- **Exercise**:
Find the line that contains "this 1288×966 image.". Then set down that line and all the lines after it, to the end of the records, exactly and with nothing added.

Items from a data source
==============================
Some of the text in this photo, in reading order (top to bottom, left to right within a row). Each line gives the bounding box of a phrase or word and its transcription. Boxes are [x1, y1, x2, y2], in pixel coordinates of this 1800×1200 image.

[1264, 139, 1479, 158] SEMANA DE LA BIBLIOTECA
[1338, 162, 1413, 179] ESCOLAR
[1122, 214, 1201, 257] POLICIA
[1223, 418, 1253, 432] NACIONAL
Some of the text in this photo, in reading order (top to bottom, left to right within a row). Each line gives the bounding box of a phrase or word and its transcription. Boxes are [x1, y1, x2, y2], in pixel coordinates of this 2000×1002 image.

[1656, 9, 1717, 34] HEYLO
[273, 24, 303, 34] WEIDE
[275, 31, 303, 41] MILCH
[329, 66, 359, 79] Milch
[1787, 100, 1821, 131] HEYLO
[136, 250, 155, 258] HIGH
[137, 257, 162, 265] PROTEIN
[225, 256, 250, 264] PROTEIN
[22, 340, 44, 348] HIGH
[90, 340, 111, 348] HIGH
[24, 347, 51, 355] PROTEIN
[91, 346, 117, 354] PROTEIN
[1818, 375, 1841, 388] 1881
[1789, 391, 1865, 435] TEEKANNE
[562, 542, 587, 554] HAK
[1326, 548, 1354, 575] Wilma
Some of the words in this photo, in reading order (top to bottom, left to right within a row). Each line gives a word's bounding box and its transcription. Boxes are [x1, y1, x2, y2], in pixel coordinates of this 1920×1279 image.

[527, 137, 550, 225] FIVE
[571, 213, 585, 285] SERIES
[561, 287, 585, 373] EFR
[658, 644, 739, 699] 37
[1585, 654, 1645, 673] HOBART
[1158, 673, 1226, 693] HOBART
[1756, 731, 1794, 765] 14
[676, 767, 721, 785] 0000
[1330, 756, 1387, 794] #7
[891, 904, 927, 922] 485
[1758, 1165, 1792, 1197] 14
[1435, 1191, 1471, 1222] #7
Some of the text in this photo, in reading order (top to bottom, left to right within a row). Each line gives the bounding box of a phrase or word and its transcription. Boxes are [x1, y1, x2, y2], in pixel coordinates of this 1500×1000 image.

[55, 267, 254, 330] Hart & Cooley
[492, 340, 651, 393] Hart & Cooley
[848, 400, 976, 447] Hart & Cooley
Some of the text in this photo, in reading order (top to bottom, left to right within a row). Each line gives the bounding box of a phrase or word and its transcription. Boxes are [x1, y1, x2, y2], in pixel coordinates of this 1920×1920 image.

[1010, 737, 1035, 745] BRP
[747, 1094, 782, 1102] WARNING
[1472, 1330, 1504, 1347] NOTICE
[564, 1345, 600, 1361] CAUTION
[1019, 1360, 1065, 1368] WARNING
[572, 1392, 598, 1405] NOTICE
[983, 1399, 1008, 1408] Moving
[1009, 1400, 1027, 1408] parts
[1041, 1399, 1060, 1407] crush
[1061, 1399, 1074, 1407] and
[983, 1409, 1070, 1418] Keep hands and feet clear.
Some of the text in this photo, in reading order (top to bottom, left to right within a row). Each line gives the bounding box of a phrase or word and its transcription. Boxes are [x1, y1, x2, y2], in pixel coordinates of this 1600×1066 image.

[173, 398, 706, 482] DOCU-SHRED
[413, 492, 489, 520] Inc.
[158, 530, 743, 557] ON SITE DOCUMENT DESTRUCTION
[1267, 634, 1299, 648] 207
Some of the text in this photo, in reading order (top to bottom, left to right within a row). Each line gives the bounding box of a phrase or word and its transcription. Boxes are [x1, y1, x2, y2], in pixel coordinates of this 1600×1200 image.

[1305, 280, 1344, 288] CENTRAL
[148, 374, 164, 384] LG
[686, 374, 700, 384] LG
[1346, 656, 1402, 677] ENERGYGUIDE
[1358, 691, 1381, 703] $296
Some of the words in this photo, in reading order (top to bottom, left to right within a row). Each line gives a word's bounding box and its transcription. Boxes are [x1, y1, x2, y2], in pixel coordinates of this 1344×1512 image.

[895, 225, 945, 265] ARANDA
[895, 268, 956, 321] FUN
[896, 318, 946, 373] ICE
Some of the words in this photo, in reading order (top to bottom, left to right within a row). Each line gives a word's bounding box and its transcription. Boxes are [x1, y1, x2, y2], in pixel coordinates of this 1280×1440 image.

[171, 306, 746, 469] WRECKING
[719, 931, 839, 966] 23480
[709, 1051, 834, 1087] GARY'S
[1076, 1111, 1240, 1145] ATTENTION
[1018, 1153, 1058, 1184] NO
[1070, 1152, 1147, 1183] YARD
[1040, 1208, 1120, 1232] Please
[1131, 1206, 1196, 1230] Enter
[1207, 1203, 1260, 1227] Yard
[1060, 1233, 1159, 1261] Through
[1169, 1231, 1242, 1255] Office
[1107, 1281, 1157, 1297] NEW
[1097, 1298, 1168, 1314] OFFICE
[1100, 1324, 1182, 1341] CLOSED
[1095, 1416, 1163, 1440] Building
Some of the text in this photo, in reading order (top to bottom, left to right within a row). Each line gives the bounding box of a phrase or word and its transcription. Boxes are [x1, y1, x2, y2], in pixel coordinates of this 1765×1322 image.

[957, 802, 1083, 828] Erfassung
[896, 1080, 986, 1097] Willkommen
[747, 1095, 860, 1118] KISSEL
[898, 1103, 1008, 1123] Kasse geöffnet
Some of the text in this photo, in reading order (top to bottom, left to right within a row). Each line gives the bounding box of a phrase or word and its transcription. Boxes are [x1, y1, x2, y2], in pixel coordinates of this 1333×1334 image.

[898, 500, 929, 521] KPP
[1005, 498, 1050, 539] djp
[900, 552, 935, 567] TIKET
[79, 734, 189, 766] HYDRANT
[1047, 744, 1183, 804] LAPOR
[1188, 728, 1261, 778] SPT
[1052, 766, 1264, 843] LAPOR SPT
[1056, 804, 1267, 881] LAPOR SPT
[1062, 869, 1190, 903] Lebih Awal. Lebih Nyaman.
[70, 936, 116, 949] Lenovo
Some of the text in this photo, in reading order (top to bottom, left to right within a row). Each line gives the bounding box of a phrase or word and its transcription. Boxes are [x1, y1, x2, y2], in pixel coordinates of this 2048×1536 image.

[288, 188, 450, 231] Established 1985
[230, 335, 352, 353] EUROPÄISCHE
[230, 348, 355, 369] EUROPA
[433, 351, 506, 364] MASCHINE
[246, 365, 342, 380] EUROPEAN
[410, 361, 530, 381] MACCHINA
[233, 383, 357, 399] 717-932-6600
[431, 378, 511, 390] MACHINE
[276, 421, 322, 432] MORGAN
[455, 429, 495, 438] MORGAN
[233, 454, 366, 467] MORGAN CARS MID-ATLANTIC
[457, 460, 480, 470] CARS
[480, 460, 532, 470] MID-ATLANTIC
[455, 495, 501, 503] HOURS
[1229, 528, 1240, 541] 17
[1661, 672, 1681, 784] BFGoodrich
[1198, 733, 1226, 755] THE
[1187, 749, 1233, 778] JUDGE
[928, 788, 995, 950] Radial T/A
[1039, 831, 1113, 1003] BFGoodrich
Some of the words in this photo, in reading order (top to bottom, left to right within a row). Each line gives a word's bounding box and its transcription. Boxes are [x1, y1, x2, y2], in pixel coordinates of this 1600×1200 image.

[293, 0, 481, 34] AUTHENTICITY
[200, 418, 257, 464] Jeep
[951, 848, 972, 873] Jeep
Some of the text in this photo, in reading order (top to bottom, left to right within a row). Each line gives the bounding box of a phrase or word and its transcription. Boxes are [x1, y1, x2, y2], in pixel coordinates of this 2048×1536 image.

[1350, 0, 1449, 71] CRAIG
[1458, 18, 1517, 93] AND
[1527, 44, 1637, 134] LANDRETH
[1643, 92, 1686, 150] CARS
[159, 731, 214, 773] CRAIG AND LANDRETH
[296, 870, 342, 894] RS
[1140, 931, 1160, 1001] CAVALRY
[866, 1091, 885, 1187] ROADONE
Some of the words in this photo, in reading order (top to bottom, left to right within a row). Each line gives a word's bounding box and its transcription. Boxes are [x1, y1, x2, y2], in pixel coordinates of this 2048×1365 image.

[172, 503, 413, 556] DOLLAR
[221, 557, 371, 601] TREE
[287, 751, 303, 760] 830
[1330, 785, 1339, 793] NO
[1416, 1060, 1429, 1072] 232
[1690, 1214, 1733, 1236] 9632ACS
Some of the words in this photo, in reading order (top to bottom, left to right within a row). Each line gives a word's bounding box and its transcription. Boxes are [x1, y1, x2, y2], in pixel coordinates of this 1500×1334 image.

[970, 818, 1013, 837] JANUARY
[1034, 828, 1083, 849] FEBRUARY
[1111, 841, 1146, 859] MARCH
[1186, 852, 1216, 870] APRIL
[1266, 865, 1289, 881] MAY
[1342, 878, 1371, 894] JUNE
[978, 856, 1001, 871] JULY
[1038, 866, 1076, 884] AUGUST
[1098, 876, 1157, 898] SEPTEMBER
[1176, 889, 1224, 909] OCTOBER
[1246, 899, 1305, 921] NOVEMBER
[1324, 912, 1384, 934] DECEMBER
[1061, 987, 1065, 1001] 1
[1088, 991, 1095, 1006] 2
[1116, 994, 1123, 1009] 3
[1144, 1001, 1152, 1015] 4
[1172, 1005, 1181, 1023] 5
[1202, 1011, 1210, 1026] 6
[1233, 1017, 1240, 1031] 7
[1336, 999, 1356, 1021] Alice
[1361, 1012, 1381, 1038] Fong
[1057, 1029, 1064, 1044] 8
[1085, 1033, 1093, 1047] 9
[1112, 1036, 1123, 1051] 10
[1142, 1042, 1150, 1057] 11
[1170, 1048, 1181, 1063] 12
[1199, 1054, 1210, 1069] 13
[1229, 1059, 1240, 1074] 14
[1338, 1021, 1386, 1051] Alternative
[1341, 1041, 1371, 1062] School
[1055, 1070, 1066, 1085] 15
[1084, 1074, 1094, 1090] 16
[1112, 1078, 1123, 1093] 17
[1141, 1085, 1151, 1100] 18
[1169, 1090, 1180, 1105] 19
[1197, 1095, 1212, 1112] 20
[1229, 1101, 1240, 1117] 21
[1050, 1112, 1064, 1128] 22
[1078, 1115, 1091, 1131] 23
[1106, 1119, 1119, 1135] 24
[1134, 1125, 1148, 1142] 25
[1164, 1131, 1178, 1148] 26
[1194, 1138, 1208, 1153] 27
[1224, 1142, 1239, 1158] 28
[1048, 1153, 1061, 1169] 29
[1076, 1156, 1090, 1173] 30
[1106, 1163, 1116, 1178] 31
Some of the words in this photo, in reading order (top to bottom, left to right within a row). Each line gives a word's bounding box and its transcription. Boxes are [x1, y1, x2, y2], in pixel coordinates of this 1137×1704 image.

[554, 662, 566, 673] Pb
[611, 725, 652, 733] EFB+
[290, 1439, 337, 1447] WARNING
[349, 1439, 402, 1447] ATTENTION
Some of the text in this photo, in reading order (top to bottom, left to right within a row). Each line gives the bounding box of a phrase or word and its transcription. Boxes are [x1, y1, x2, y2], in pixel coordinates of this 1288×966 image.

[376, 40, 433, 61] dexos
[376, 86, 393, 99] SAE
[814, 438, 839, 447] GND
==============================
- **Exercise answer**:
Some of the text in this photo, in reading order (top to bottom, left to right within a row). Each line gives the bounding box of a phrase or word and its transcription. Boxes are [x1, y1, x2, y2], in pixel coordinates of this 1288×966 image.

[376, 40, 433, 61] dexos
[376, 86, 393, 99] SAE
[814, 438, 839, 447] GND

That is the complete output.